- **Instructions to follow**:
Every record below should be retyped exactly, and no picture should appear in the copy.

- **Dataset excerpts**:
============

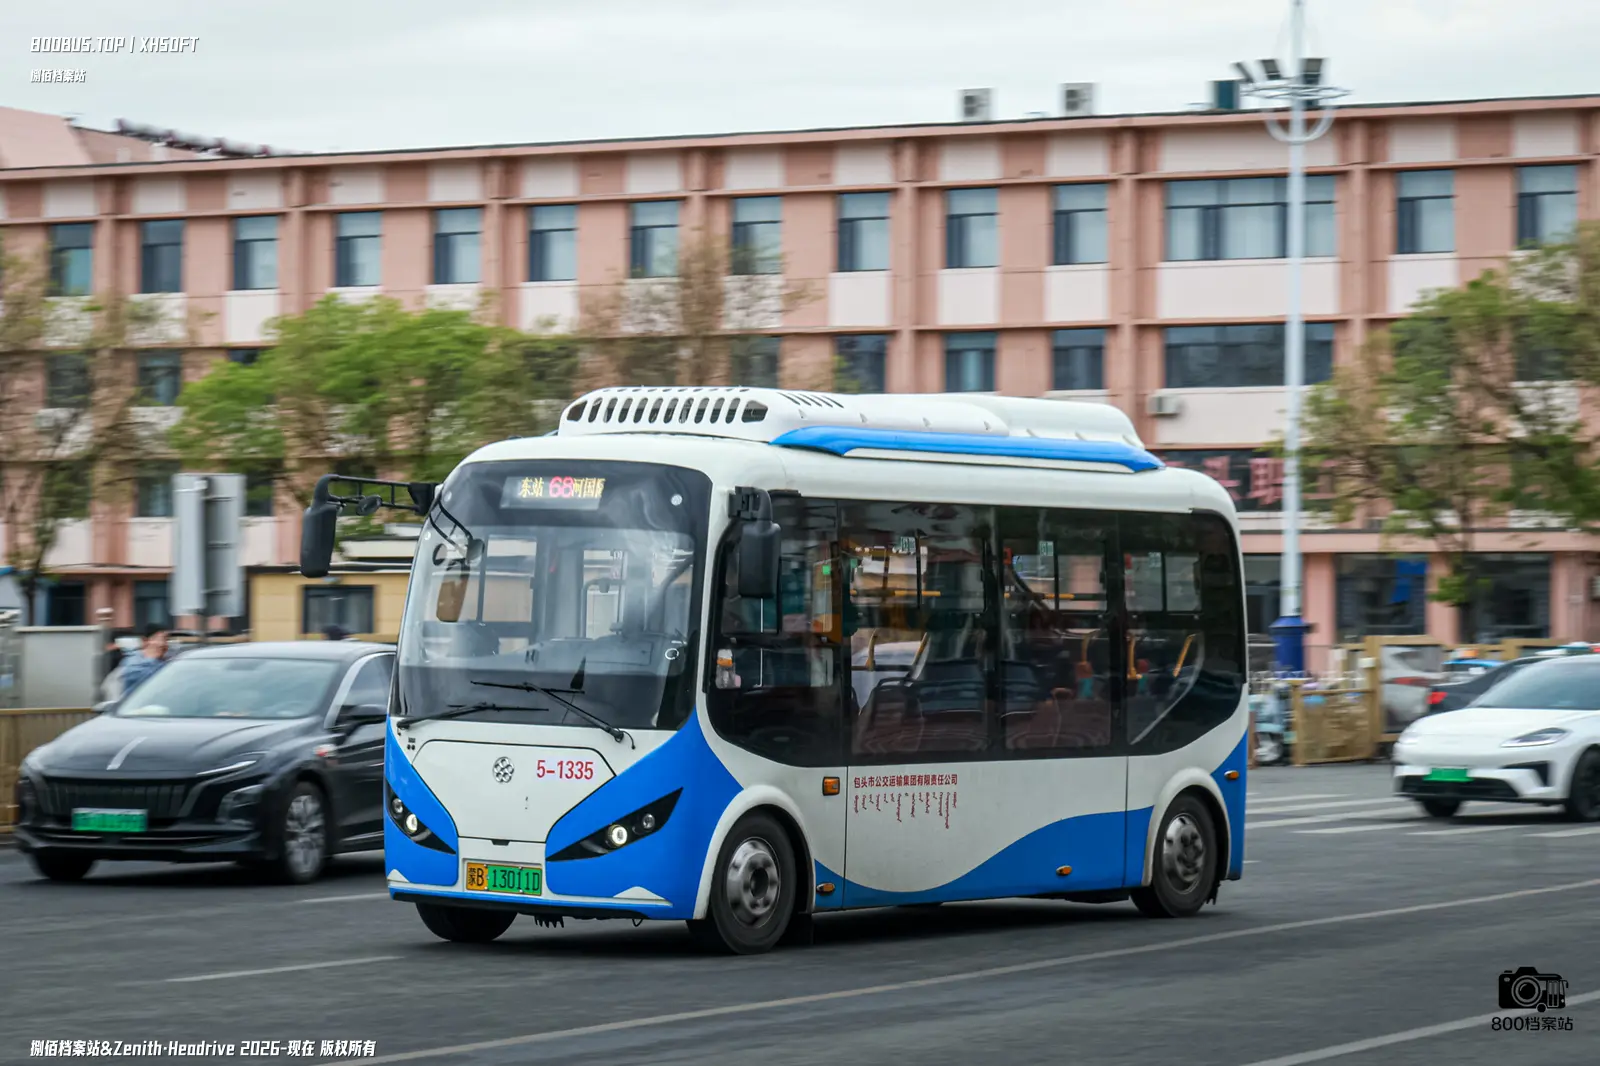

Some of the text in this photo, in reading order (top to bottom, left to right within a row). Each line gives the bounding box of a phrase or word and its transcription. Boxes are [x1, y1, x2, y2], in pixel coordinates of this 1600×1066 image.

[519, 476, 544, 498] 东站
[549, 475, 574, 498] 68
[536, 759, 594, 780] 5-1335
[853, 773, 958, 789] 包头市公交运输集团有限责任公司
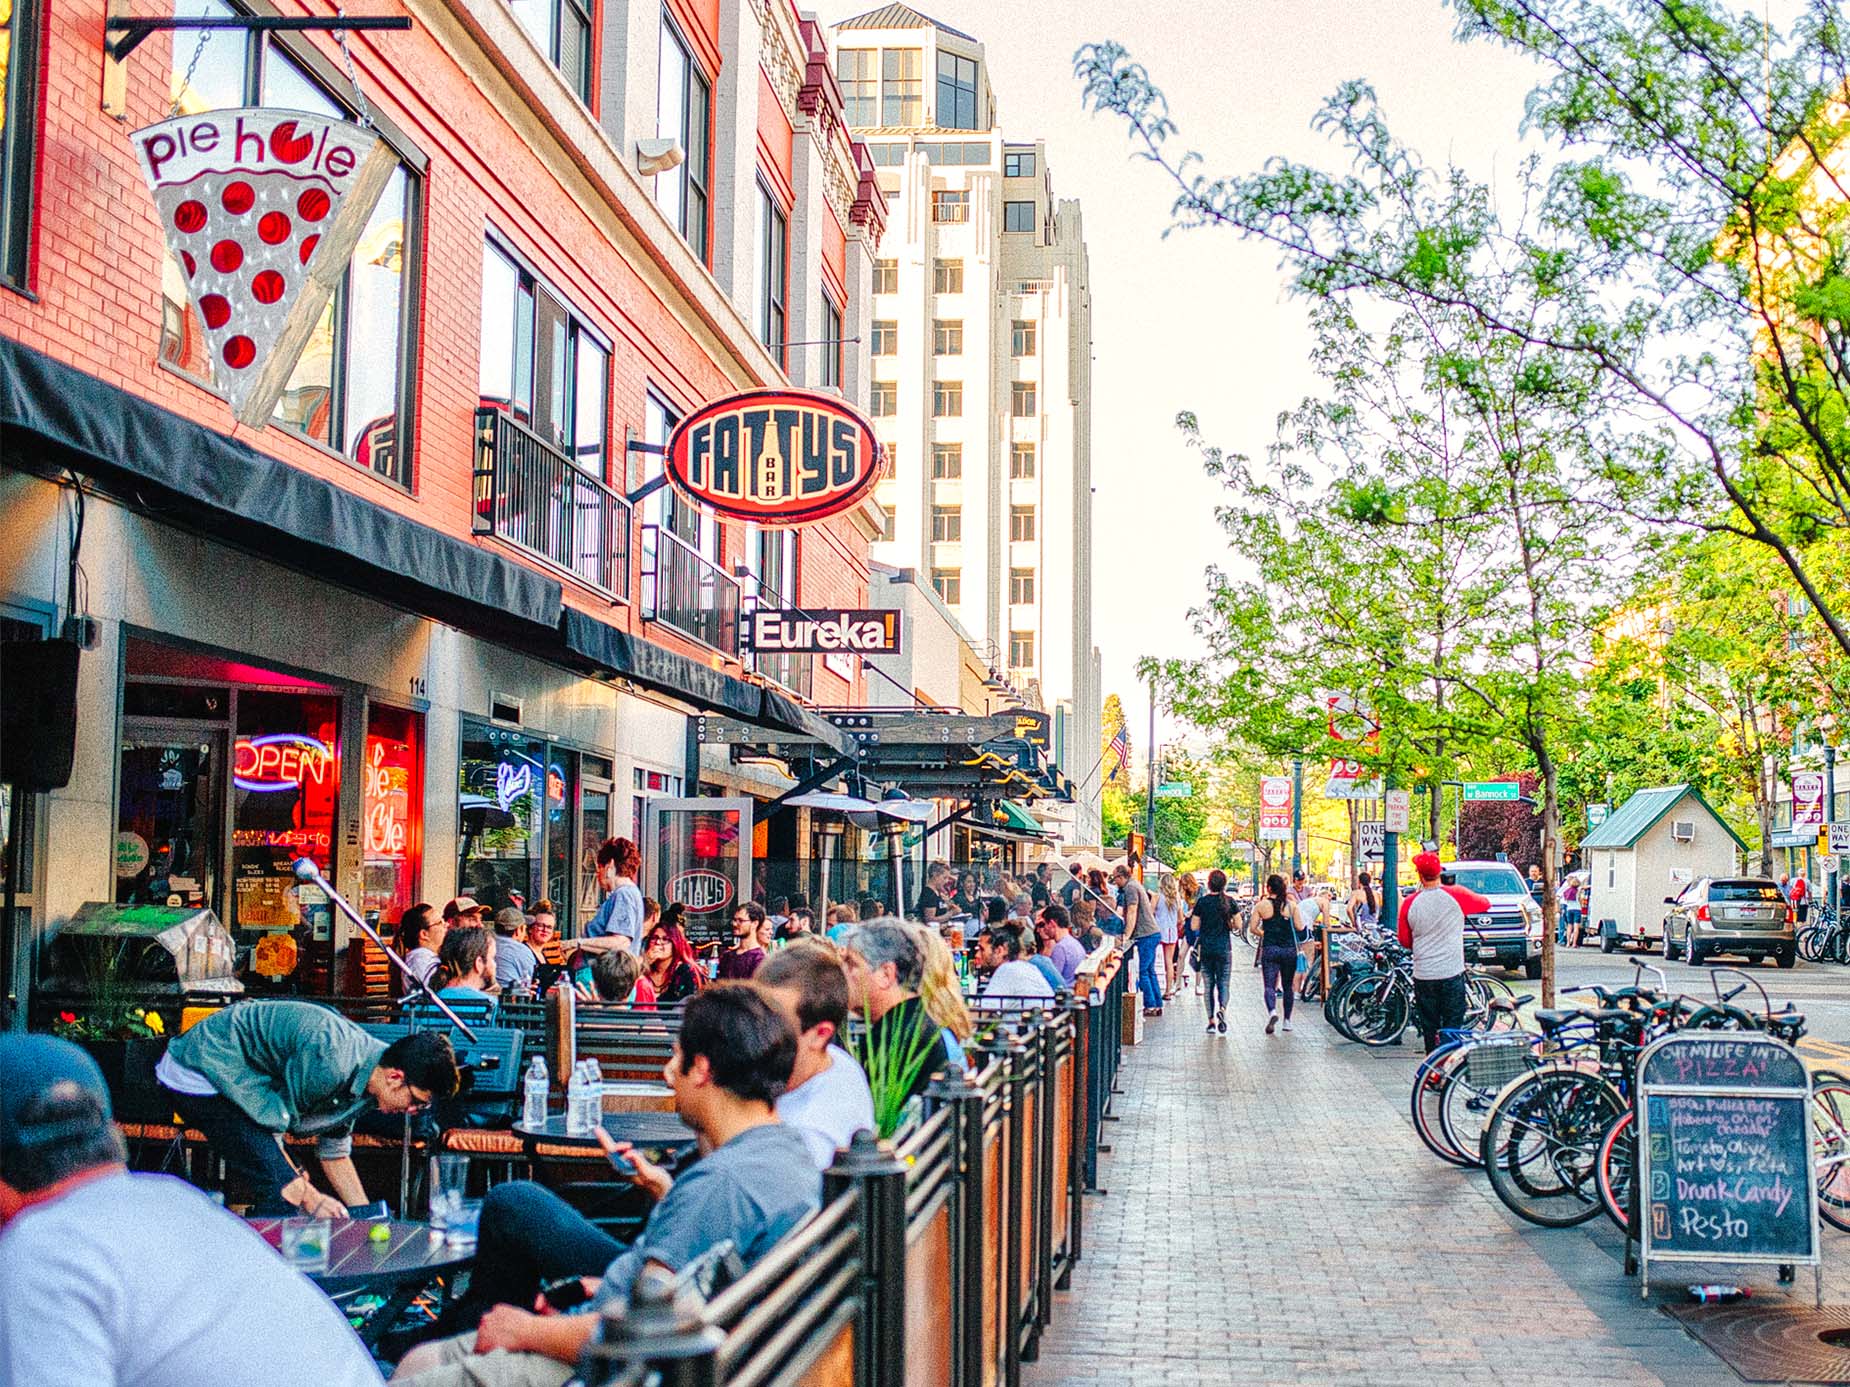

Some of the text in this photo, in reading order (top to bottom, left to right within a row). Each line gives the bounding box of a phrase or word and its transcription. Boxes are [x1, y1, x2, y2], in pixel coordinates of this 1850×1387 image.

[142, 116, 356, 181] pie hole
[692, 409, 858, 496] FATTYS
[766, 457, 775, 497] BAR
[755, 612, 895, 650] Eureka!
[409, 676, 425, 697] 114
[234, 741, 325, 784] OPEN
[1475, 790, 1508, 799] Bannock
[1831, 825, 1848, 833] ONE
[1832, 834, 1849, 842] WAY
[1712, 1043, 1745, 1059] LIFE
[1677, 1178, 1734, 1201] Drunk
[1734, 1175, 1793, 1218] Candy
[1681, 1205, 1749, 1241] Pesto
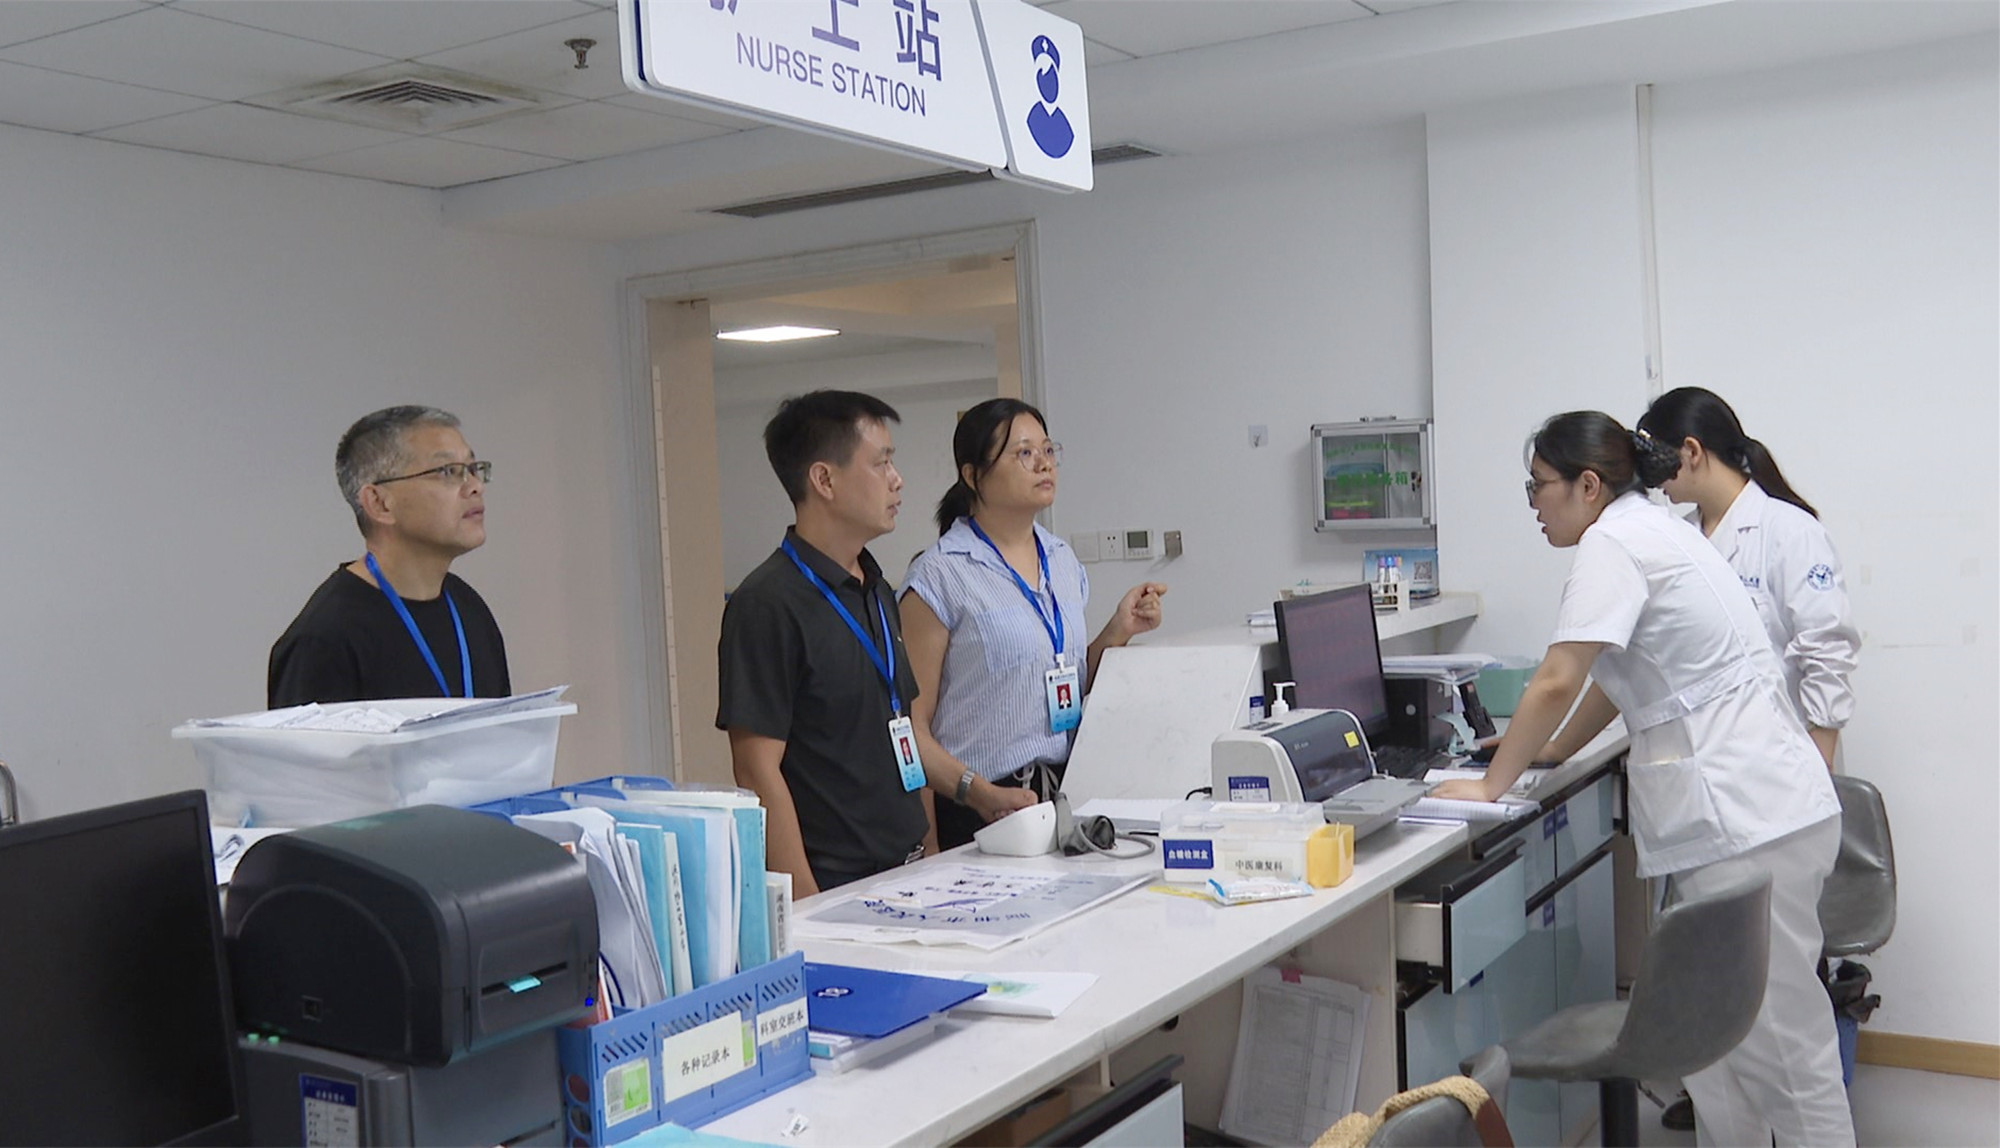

============

- **Response to the exercise**:
Some of the text in this photo, in reading order (top to bottom, left to right within a row). Each line gives the bounding box of a phrase or word and its transcription. Boxes are [x1, y1, x2, y2], in pixel coordinates of this 1600×1066 image.

[519, 476, 544, 498] 东站
[549, 475, 574, 498] 68
[536, 759, 594, 780] 5-1335
[853, 773, 958, 789] 包头市公交运输集团有限责任公司

Some of the text in this photo, in reading order (top to bottom, left to right within a row). Each line gives the bounding box of a phrase or word and its transcription. Boxes are [x1, y1, x2, y2], in pixel coordinates of this 1850×1387 image.

[142, 116, 356, 181] pie hole
[692, 409, 858, 496] FATTYS
[766, 457, 775, 497] BAR
[755, 612, 895, 650] Eureka!
[409, 676, 425, 697] 114
[234, 741, 325, 784] OPEN
[1475, 790, 1508, 799] Bannock
[1831, 825, 1848, 833] ONE
[1832, 834, 1849, 842] WAY
[1712, 1043, 1745, 1059] LIFE
[1677, 1178, 1734, 1201] Drunk
[1734, 1175, 1793, 1218] Candy
[1681, 1205, 1749, 1241] Pesto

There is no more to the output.